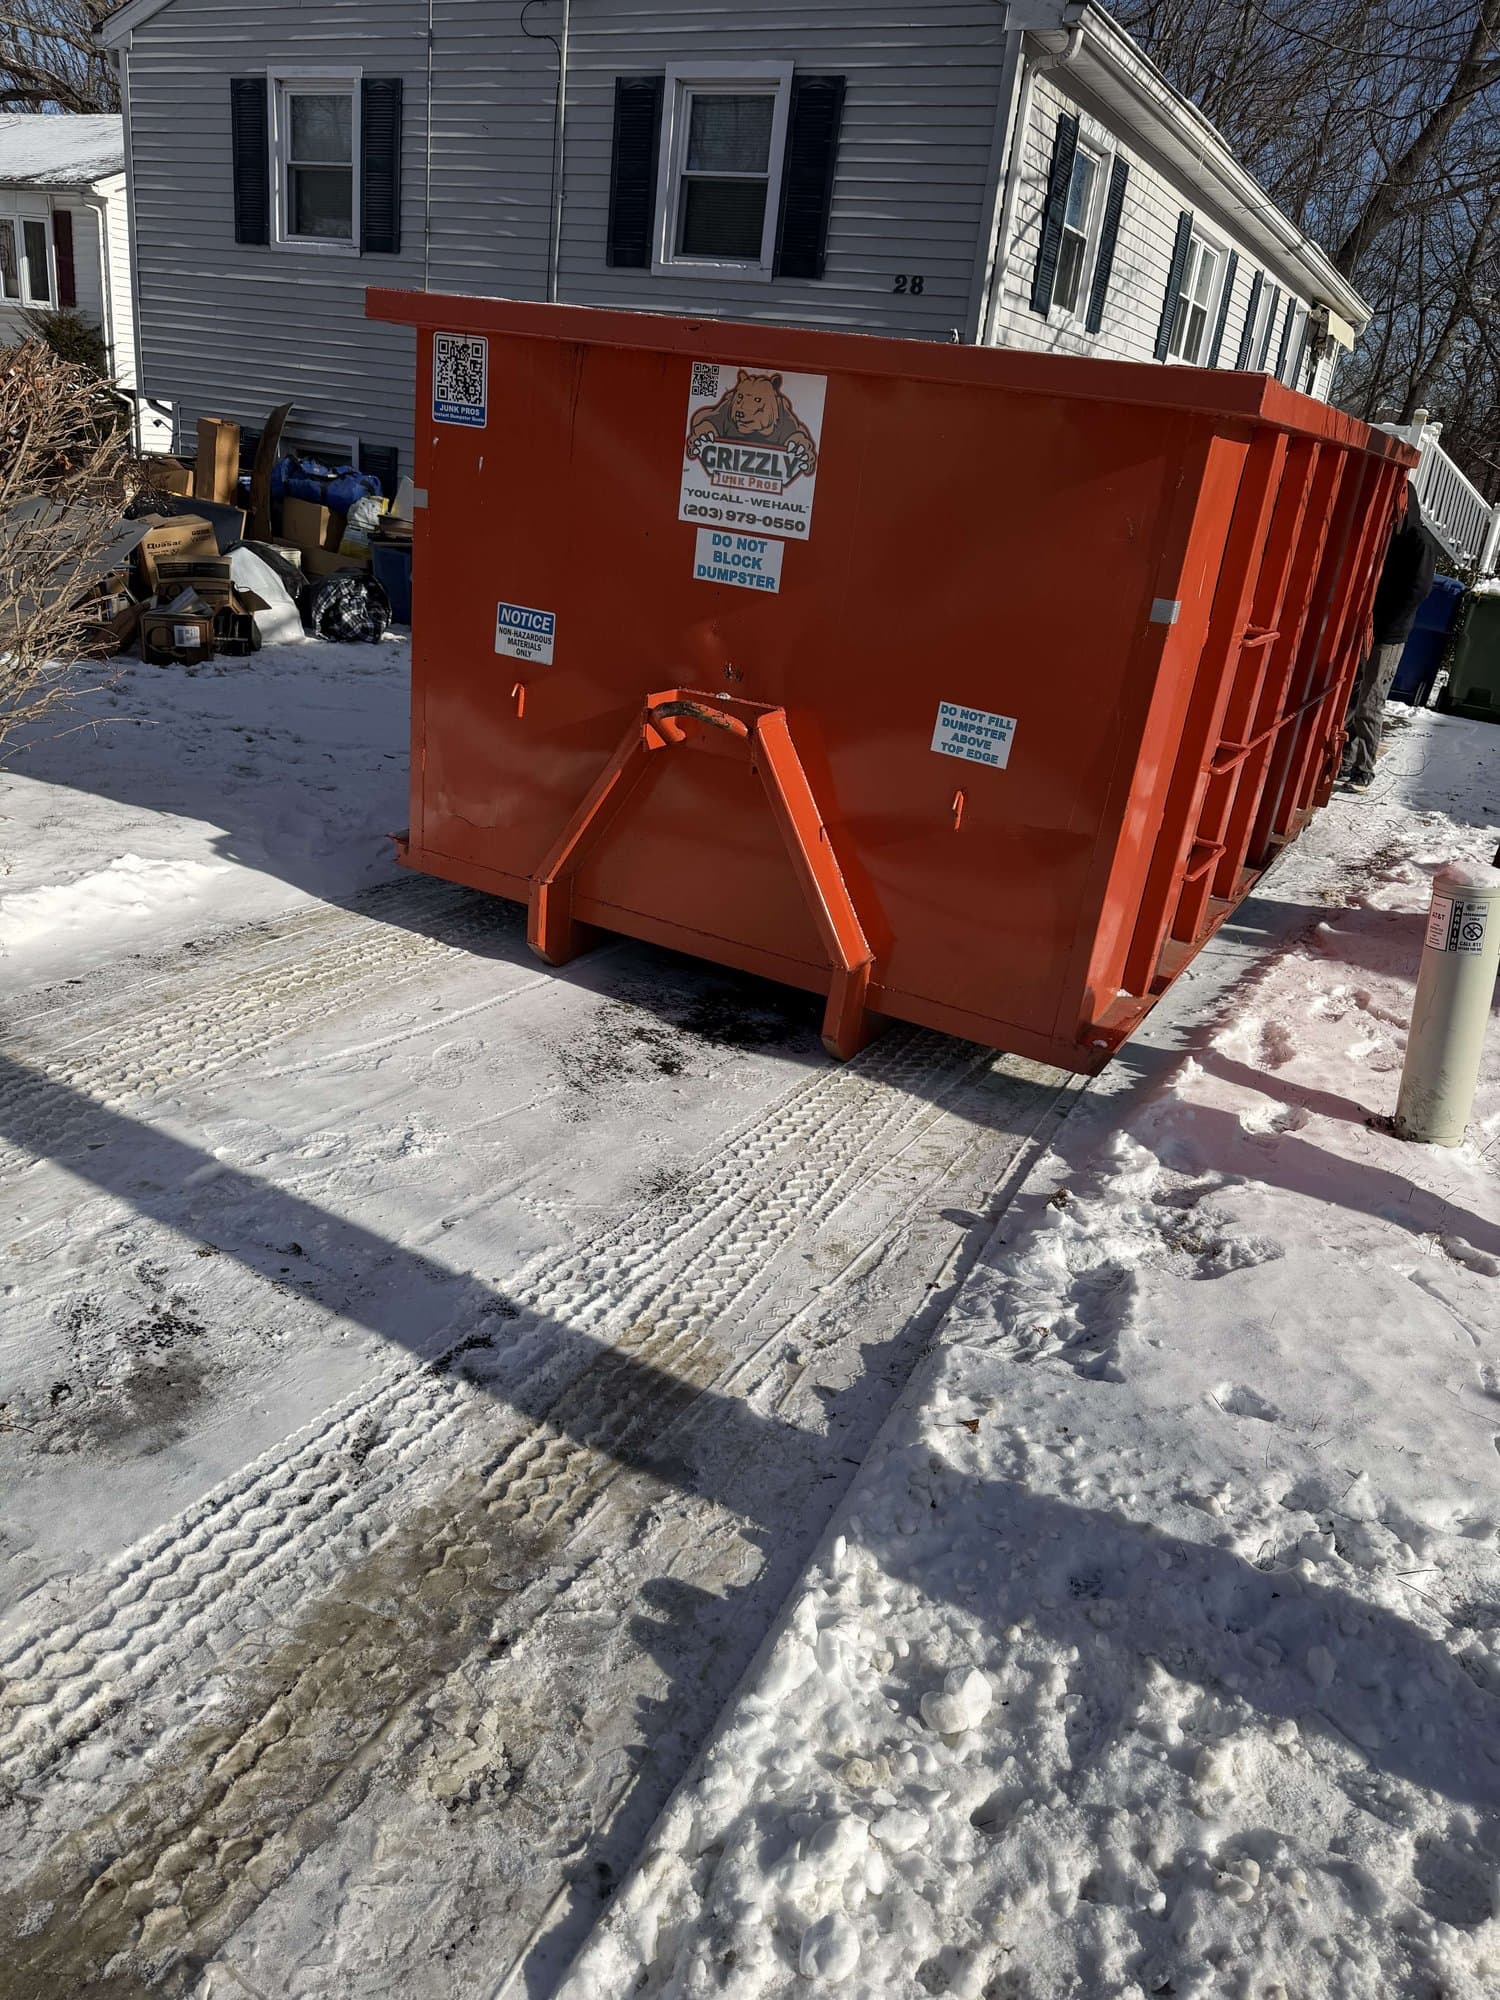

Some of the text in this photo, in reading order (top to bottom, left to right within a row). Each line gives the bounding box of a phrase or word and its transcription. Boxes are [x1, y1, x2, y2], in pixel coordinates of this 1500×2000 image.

[893, 274, 924, 295] 28
[440, 404, 480, 416] JUNK PROS
[701, 445, 800, 478] GRIZZLY
[711, 491, 744, 504] CALL
[750, 498, 770, 508] WE
[683, 504, 806, 532] (203) 979-0550
[711, 533, 768, 553] DO NOT
[712, 550, 763, 570] BLOCK
[697, 564, 776, 590] DUMPSTER
[501, 608, 552, 631] NOTICE
[498, 626, 552, 645] NON-HAZARDOUS
[507, 637, 542, 651] MATERIALS
[515, 647, 532, 658] ONLY
[940, 704, 1013, 730] DO NOT FILL
[941, 718, 1007, 741] DUMPSTER
[950, 733, 992, 750] ABOVE
[941, 742, 999, 764] TOP EDGE
[1450, 901, 1464, 950] WARNING

Work task:
Keeping every word as it is, write out all the data and omit the pictures.

Written solution:
Some of the text in this photo, in reading order (top to bottom, left to right within a row). Each line gives the bounding box of a phrase or word and its transcription. Boxes are [x1, y1, x2, y2], in pixel coordinates of this 1500×2000 image.

[893, 274, 924, 295] 28
[440, 404, 480, 416] JUNK PROS
[701, 445, 800, 478] GRIZZLY
[711, 491, 744, 504] CALL
[750, 498, 770, 508] WE
[683, 504, 806, 532] (203) 979-0550
[711, 533, 768, 553] DO NOT
[712, 550, 763, 570] BLOCK
[697, 564, 776, 590] DUMPSTER
[501, 608, 552, 631] NOTICE
[498, 626, 552, 645] NON-HAZARDOUS
[507, 637, 542, 651] MATERIALS
[515, 647, 532, 658] ONLY
[940, 704, 1013, 730] DO NOT FILL
[941, 718, 1007, 741] DUMPSTER
[950, 733, 992, 750] ABOVE
[941, 742, 999, 764] TOP EDGE
[1450, 901, 1464, 950] WARNING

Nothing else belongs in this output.